These are just hypothetical models which I created in order to support our example. Please, do not expect fully functional models!

The "Product Catalog" context model

Based on everything that has been discussed above, this is my solution for the "Product Catalog" context:


Picture 2: The "Product Catalog" context model

Now, let's dig into the details of this simple class model. First of all, it is possible to notice that there is only one class modeled as "Entity", regardless of the fact this model is a small one. Why?

The Classes "Weight" and "Dimension" are very similar: both represent a value and how it should be interpreted. If you look at these classes' methods, you will notice that there are no "set" methods. An instance of "Weight", for instance, should have all of its attributes set when it is constructed. In order to achieve this, I might use a Constructor with all the parameters or a kind of "Creator" method.

Remember what was said about "Value Object" above? I don't need to change its data once it has been created. It works well being immutable and consequently allows me to be free of all the complexities related to "Entities".

In the case of the class "Review", well... I believe most people would model it as an "Entity". But I think it fits well as a "Value Object". Its relationship with "Product", does not have a strong meaning inside the context. A "Product" does not depend on "Review" to be available in the catalog. Once a instance of "Review" is created, I do not see any reason to change it.
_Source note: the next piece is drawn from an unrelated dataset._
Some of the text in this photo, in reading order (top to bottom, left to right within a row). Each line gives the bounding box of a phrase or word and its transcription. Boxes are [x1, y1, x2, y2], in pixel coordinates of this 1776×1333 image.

So, I decided to model it as a  "Value Object" too.

Finally, the "Product" class. It is an "Entity" for sure because I need it being uniquely identifiable. Also, I must be able to change its state and might even want to track changes on it. It is an "Aggregate Root" too because it aggregates both "Shipping Weight" and "Dimension" in a composition relationship.
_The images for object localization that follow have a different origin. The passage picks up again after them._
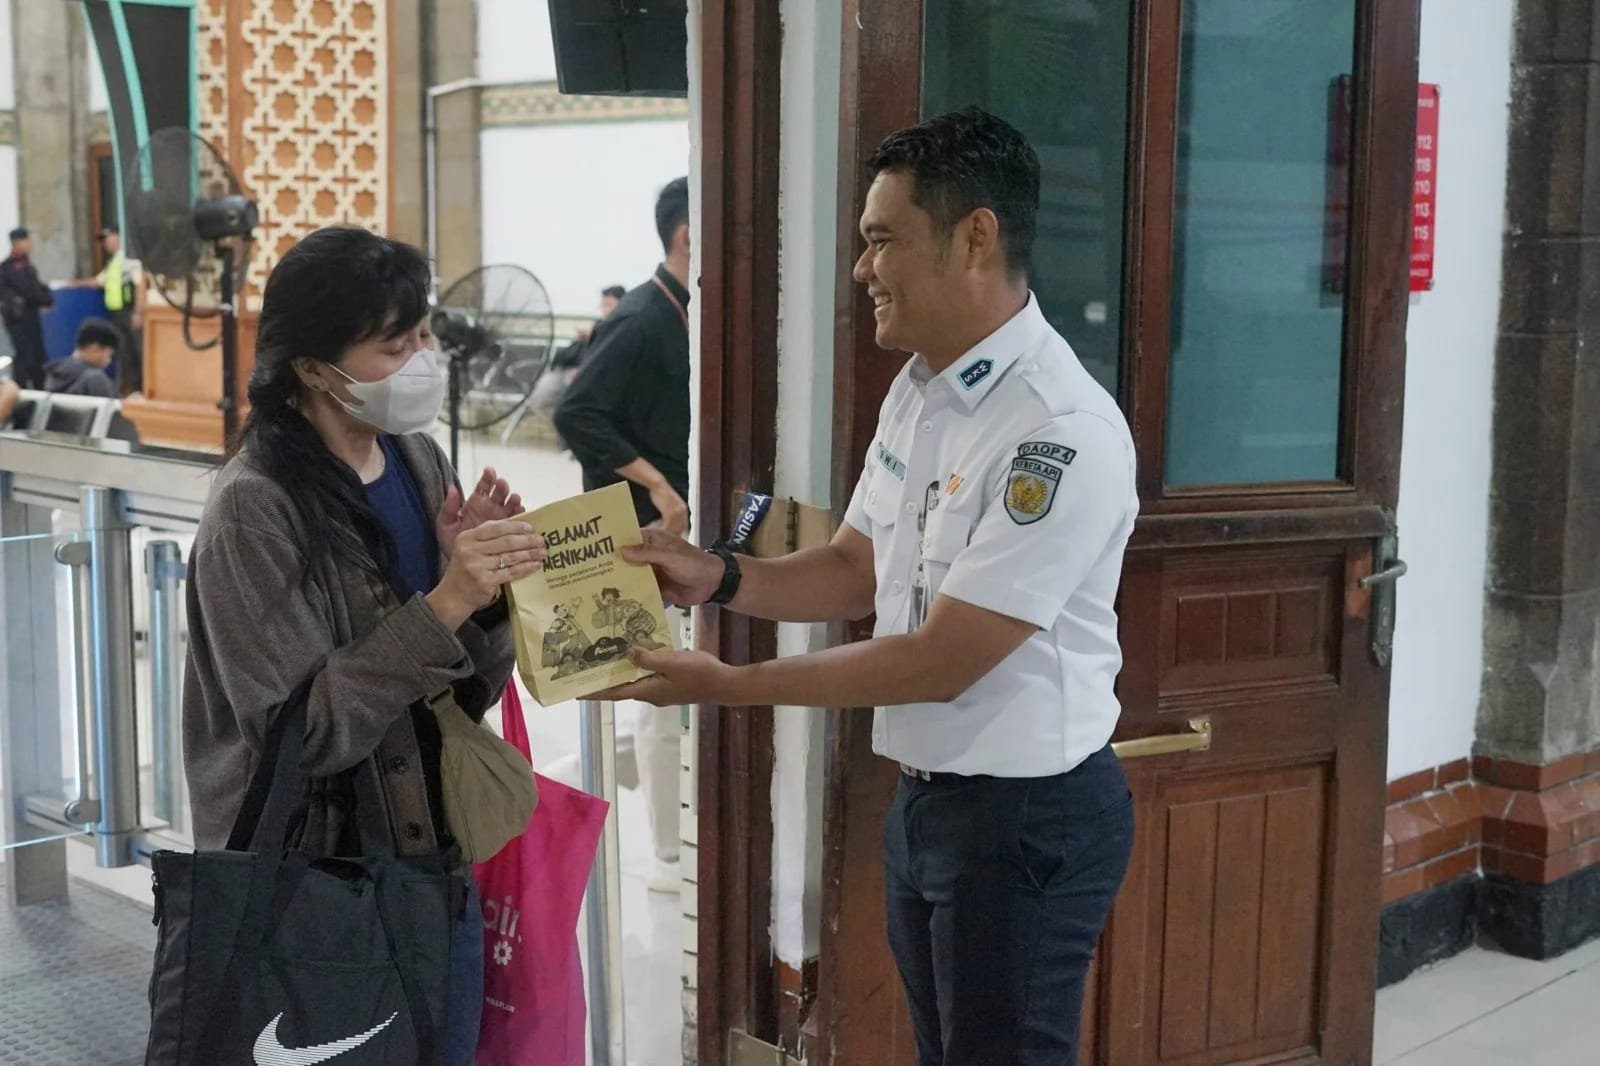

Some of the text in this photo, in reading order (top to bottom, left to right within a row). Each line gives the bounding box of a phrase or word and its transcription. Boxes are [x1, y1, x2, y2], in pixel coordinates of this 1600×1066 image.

[1022, 444, 1070, 461] DAOP 4
[1015, 460, 1059, 479] KERETA API
[542, 535, 615, 573] MENIKMATI
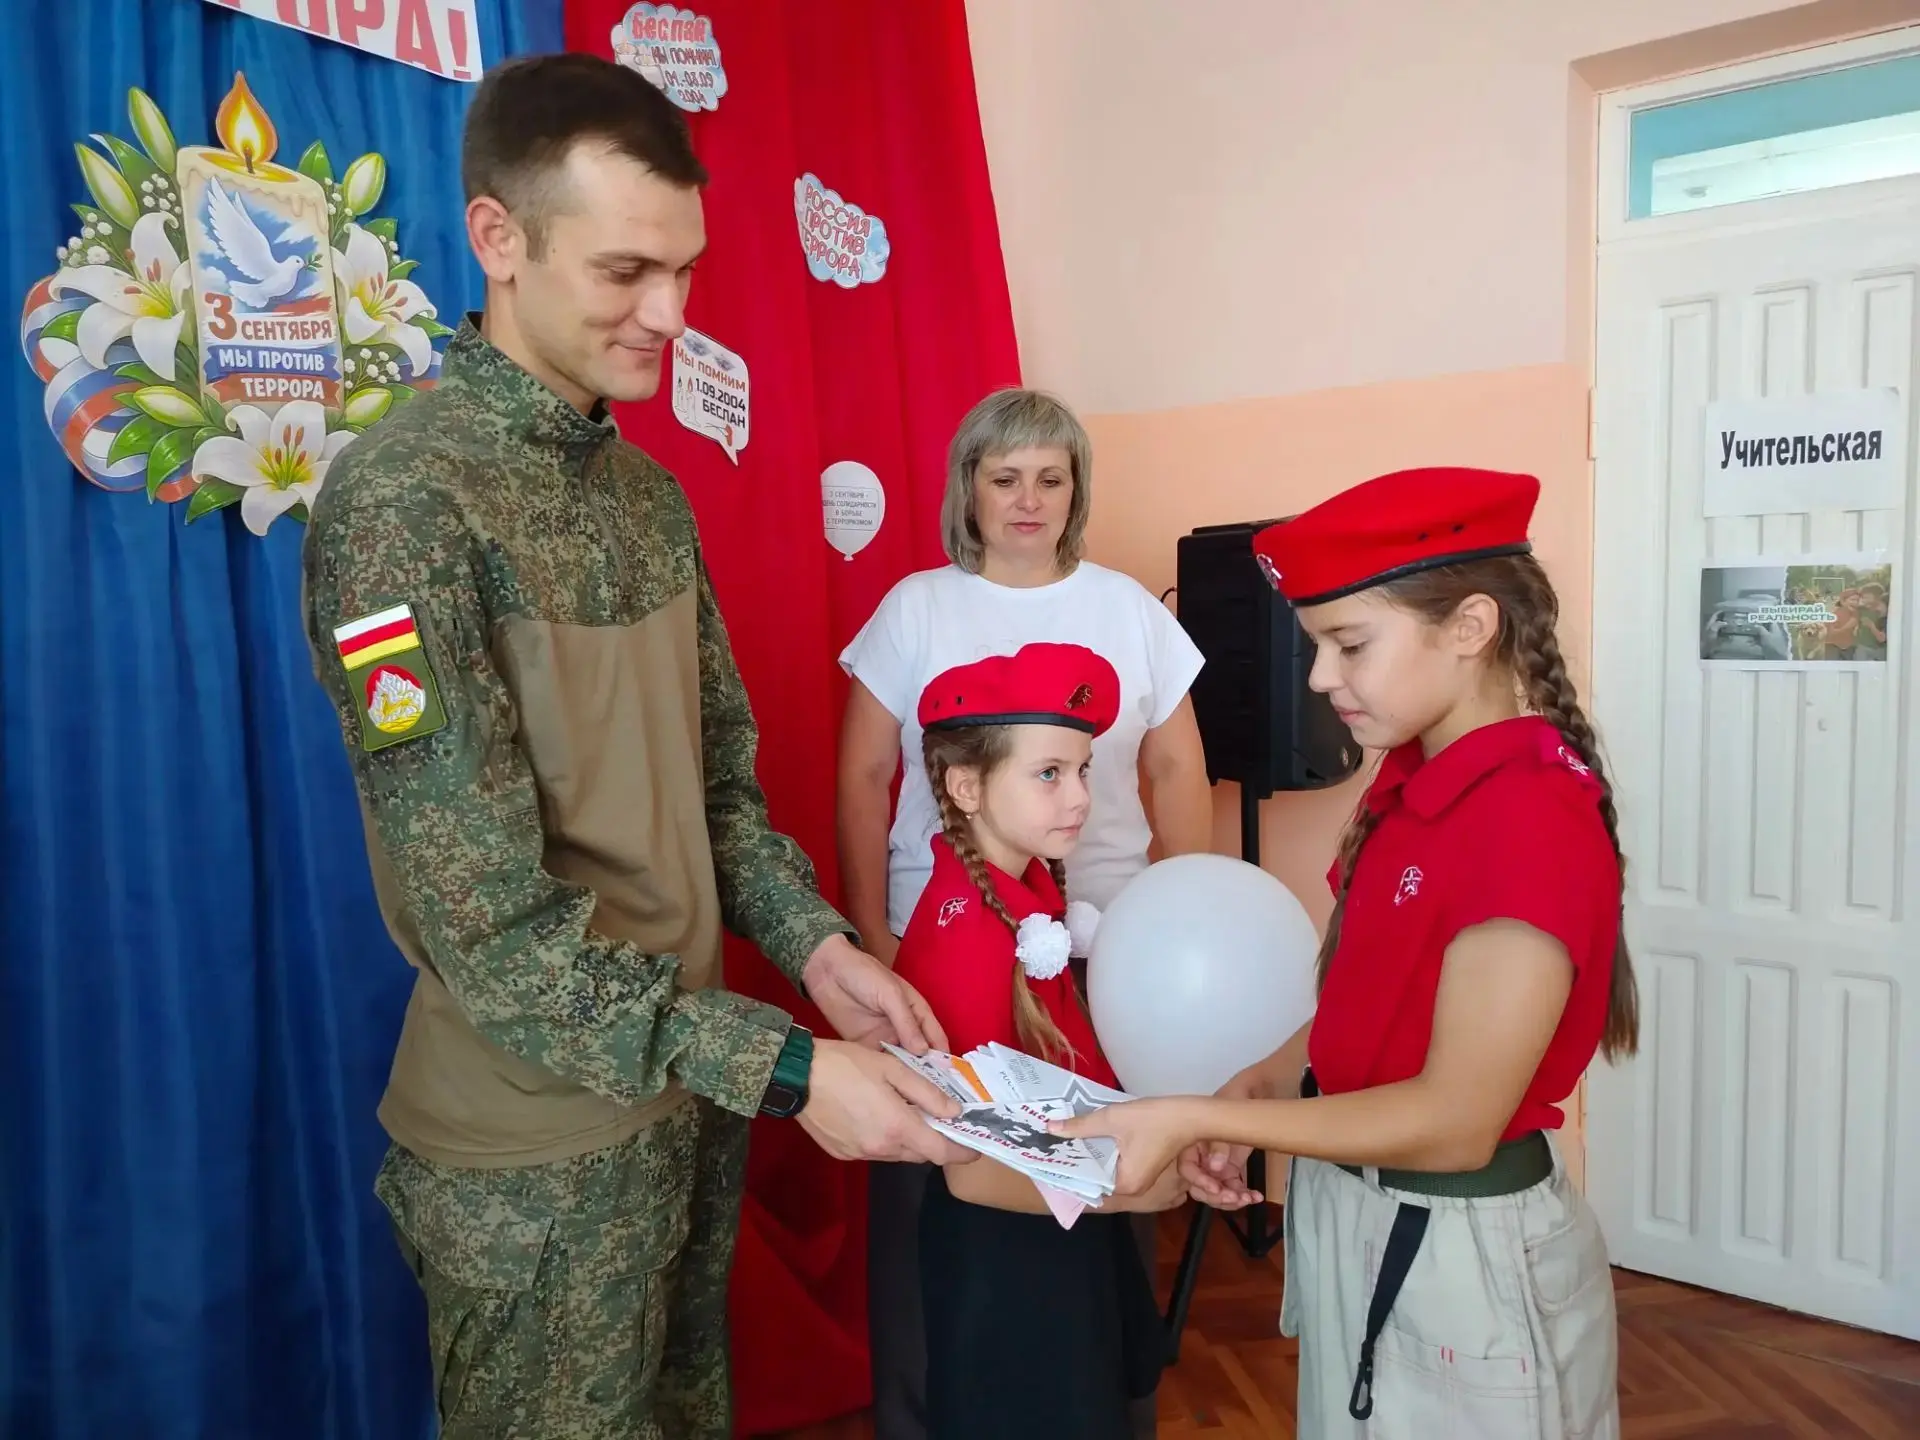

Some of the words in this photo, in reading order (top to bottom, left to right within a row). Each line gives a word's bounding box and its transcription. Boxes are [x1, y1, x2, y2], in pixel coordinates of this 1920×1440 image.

[677, 89, 708, 105] 2004
[805, 183, 871, 238] РОССИЯ
[805, 206, 866, 256] ПРОТИВ
[204, 292, 237, 341] 3
[241, 319, 333, 341] СЕНТЯБРЯ
[218, 348, 253, 369] МЫ
[258, 350, 325, 372] ПРОТИВ
[240, 377, 325, 400] ТЕРРОРА
[695, 377, 746, 411] 1.09.2004
[702, 398, 746, 428] БЕСЛАН
[1720, 429, 1883, 470] Учительская
[1750, 614, 1835, 622] РЕАЛЬНОСТЬ
[1760, 603, 1824, 614] ВЫБИРАЙ
The real meaning of aggregation here is: you should see those objects as inseparable. For example: once a instance of the class "Weigh" is created and set to a instance of "Product" as the "Shipping Weight", every time you load "Product" from your persistence layer, it should contains the "Shipping Weight" too. That is why you should be careful when modeling aggregates in order not to create monsters which will bring you problems (probably related to persistence complexity and performance).

Now the "Product" class methods. Can you explain why it is apparently missing some set methods? Why doesn't it have a "get" method to return the list / array of pictures? What the hell are those methods "activate()" and "deactivate()"?

In order to create an instance of "Product", you must supply at least the product ID and the inventory code (product identifier coming from another bounded context, the inventory context). This data is a kind of immutable data and it would not make any sense to allow a "Product" instance creation without it.  Before you ask, I prefer not to use database features like identity columns, sequences and so on for ID generation. This way, I've got my "Entity" classes not dependent on persistence in order to get an unique identifier.

Moving on, I modeled "Product" having the following "Status" state machine:


Picture 3: The "Product" class "Status" state machine

This way, the system would support a product registration for future data input without resulting on it automatically appearing in the catalog.

Without exposing the list / array of pictures, the "Product" class has total control over any business logic regarding product pictures. Maximum number of pictures, position, duplicated pictures, etc; all these kind of rules can be managed and ensured by the expert class. So, I've got more cohesion and, in some cases, low coupling too.

The method "activate()" is crucial: it must guarantee that, before changing the state of an instance to "Active", all required data have been provided and there is no violation regarding machine status flow. The "deactive()" method should play a similar role on treating its pertinent business rules.

In this manner, applying all of these concepts, you avoid what many authors call of "Anemic Domain" (Fowler, Martin) once your classes provide real business functionality and not only data.

The "Orders" context model

All concepts previously discussed are valid for the "Orders" context too. So let's take a look at the model:


Picture 4: The "Orders" context model

The "Order" class is an "Entity" and "Aggregate" by same reason explained above (in the "Product Catalog" model). It has methods to control all its pertinent business rules like, "cancel()", "close()", "calculateTotal()" and so on; it controls how new instances of "Item" are created, added and removed. Therefore, we can say that it is an expert and has high cohesion.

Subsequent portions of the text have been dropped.